Olympus, a global technology leader in designing and delivering innovative solutions for medical and surgical procedures, announced today its support for new lung cancer screening guidelines that could open more at-risk individuals to potentially life-saving scans.
November marks Lung Cancer Awareness Month, and recent changes by the United States Preventive Services Task Force (USPSTF) means about 14 million Americans now qualify as high-risk for lung cancer and are recommended to receive annual low-dose computed tomography (LDCT) scans.1
Earlier this year, the USPSTF expanded its guidelines for annual lung cancer screenings and now recommends screenings for adults ages 50 to 80 who have a 20 pack-year smoking history and currently smoke or have quit within the past 15 years.2 A person’s pack-year is determined by the number of packs of cigarettes smoked per day multiplied by the number of years they smoked. For instance, 20 pack-years is equal to one pack a day for 20 years or two packs a day for 10 years. The recommendation had previously been 30 pack-years for ages 55 to 80.
Lung cancer symptoms usually do not appear until the disease is already at an advanced stage, and detection in its later stages makes the prognosis poor, highlighting the need for detecting the disease at an earlier stage through annual screenings, according to the American Cancer Society. The American Lung Association reports that 47% of lung cancer cases are not caught until later stages when the five-year survival rate is just 6%.3
The national screening rate for those considered at high risk currently stands at only 5.7 percent.4 A key to increasing screening rates could lie in streamlining what can be a cumbersome shared-decision process, according to Dr. Gerard Criner, chair and a professor of thoracic medicine and surgery at the Lewis Katz School of Medicine at Temple University and director of the Temple Lung Center.

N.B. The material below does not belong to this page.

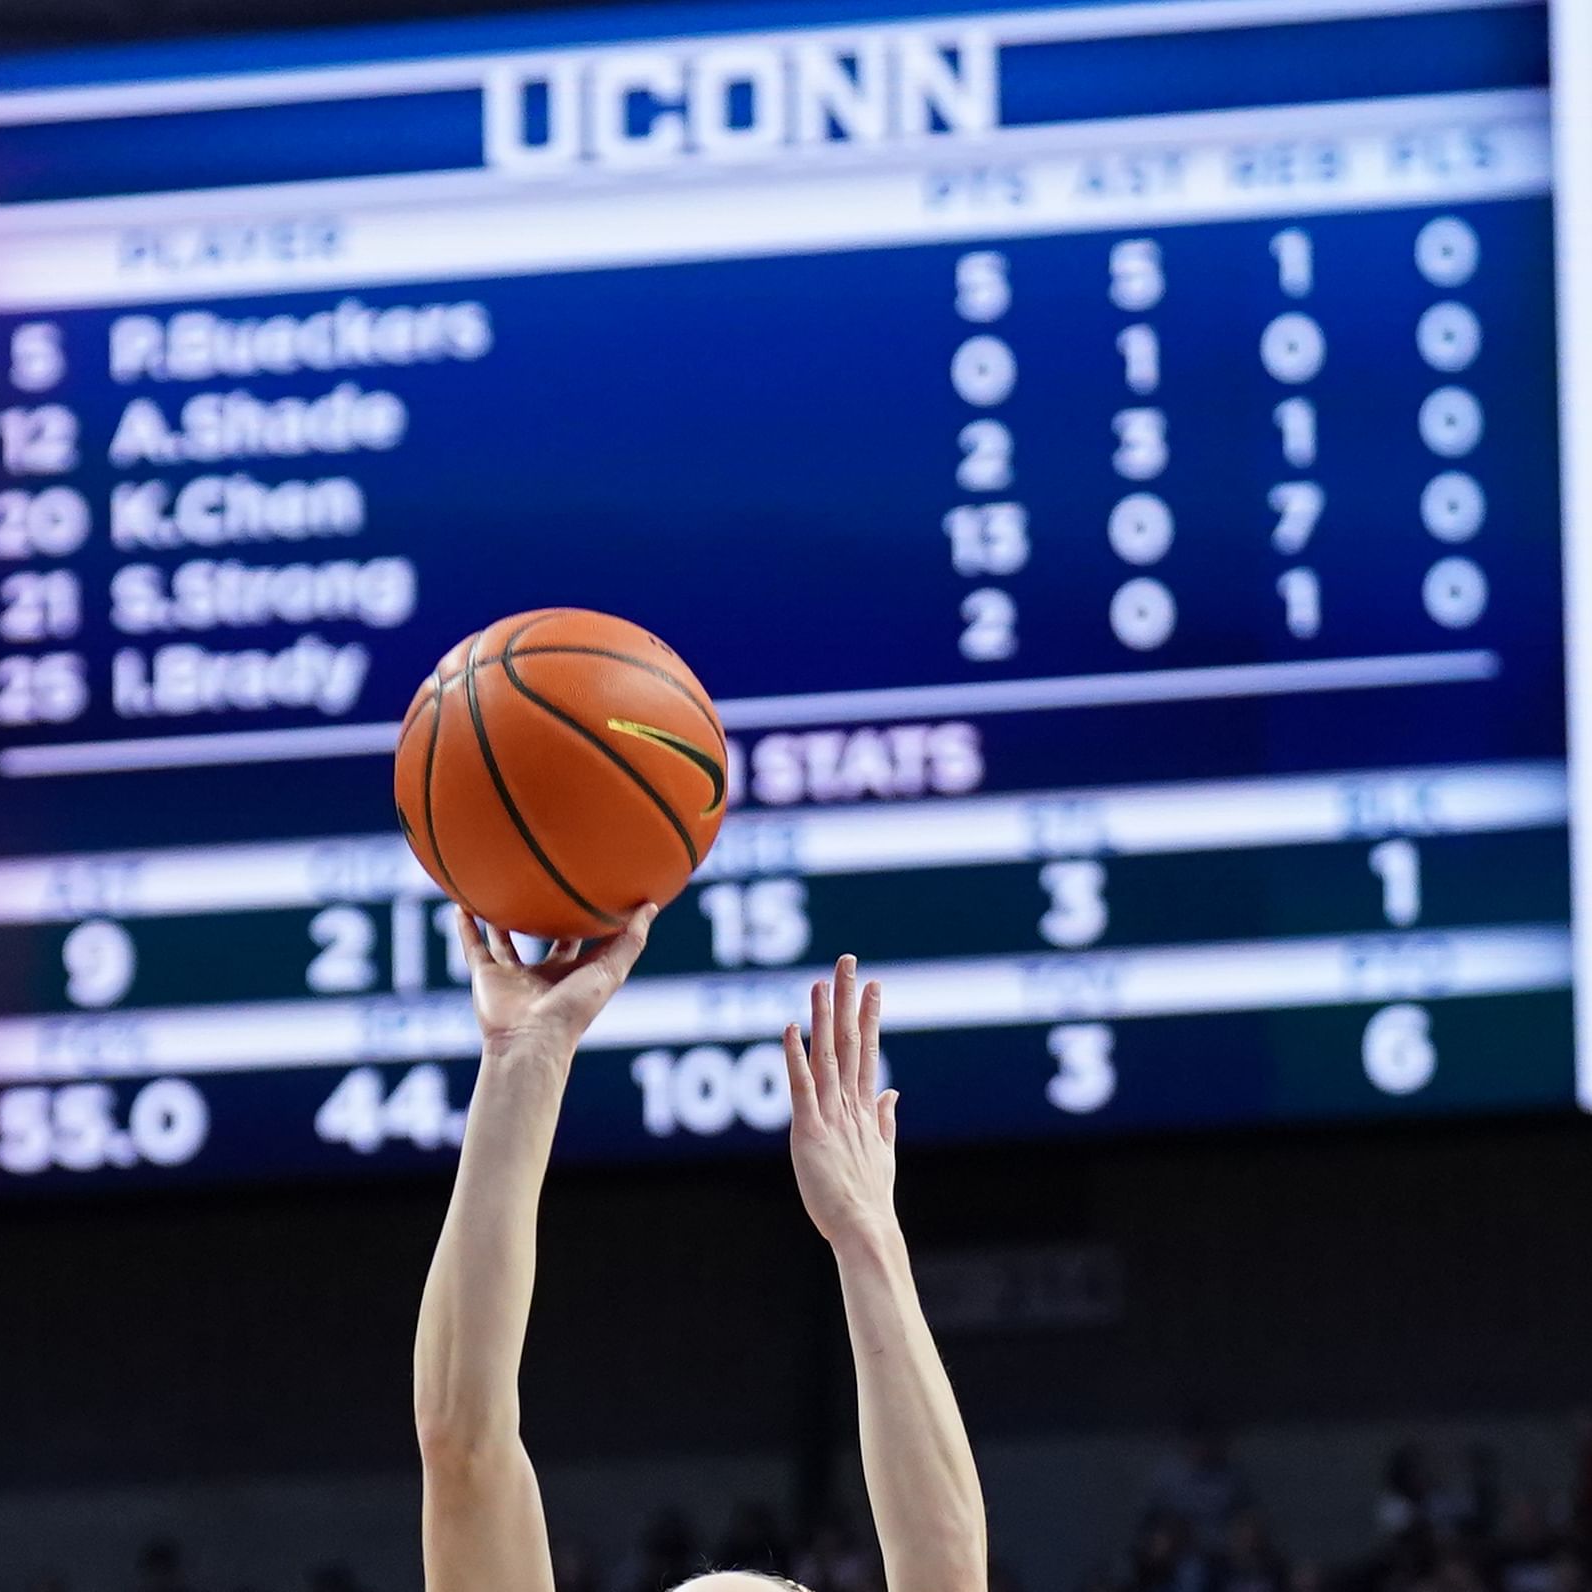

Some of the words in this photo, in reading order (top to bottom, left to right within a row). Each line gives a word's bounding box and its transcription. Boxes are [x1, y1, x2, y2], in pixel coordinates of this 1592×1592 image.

He advocates a simpler process that includes developing an easily understandable, scripted communication made available to patients in writing or via video to replace a face-to-face consultation.
“I’ve had a couple of colonoscopies and I’ve never had to meet a gastroenterologist to talk to me about the risk and benefits,” Criner said. “Women have a mammography and they don’t have to do that either. So, that means the patients have another kind of barrier that they have to go through before they get the test done.”
Along with low-dose CT scans that can detect potential abnormalities, Endobronchial Ultrasound (EBUS) Bronchoscopes, including those made by Olympus, allow for a minimally invasive diagnosis and lung cancer staging via a needle biopsy. A recent pilot study5 has shown the safety and effectiveness of certain needles in gathering tissue samples critical to determining treatment of non-small cell lung cancer (NSCLC).
EBUS-TBNA (Endobronchial Ultrasound-guided Transbronchial Needle Aspiration) is a procedure used in the diagnosis and staging of lung cancer, allowing physicians to visualize diseased tissue, lymph nodes or lesions beyond the walls of the airways. EBUS-TBNA has proved a less invasive method to diagnose and stage lung cancer, allowing for targeted lung cancer therapies.
As more diagnostic modalities become available, more studies are emerging evaluating new lung cancer-focused procedures. Today, physicians are increasingly presenting cases6,7 in which ElectroMagnetic Navigation Bronchoscopy (ENB) is discussed as another route to improve patient care. Olympus recently acquired Veran Medical Technologies® for its single-use bronchoscope offerings as well as its SPiN Thoracic Navigation System® that allows for enhanced guidance for peripheral lung nodules.8 A broad range of offerings may help providers improve the procedure flow along the patient pathway.
“Advances in minimally invasive diagnostic tools help oncologists make timely diagnoses that allow for targeted lung cancer treatments,” said Lynn Ray, Vice President and General Manager of the Global Respiratory Business Unit for Olympus Corporation. “Widening the pool of at-risk individuals eligible for low-dose CT scans is an important step to assuring people receive the treatment they need.”
Most private insurance plans and Medicare pay for annual screenings for eligible patients. The American Cancer Society recommends people check with their individual state Medicaid offices to learn about what services are provided for cancer screening tests. Those who qualify as high-risk should consult with their physician on the benefits and risks associated with lung-cancer screenings and the best individual course of action.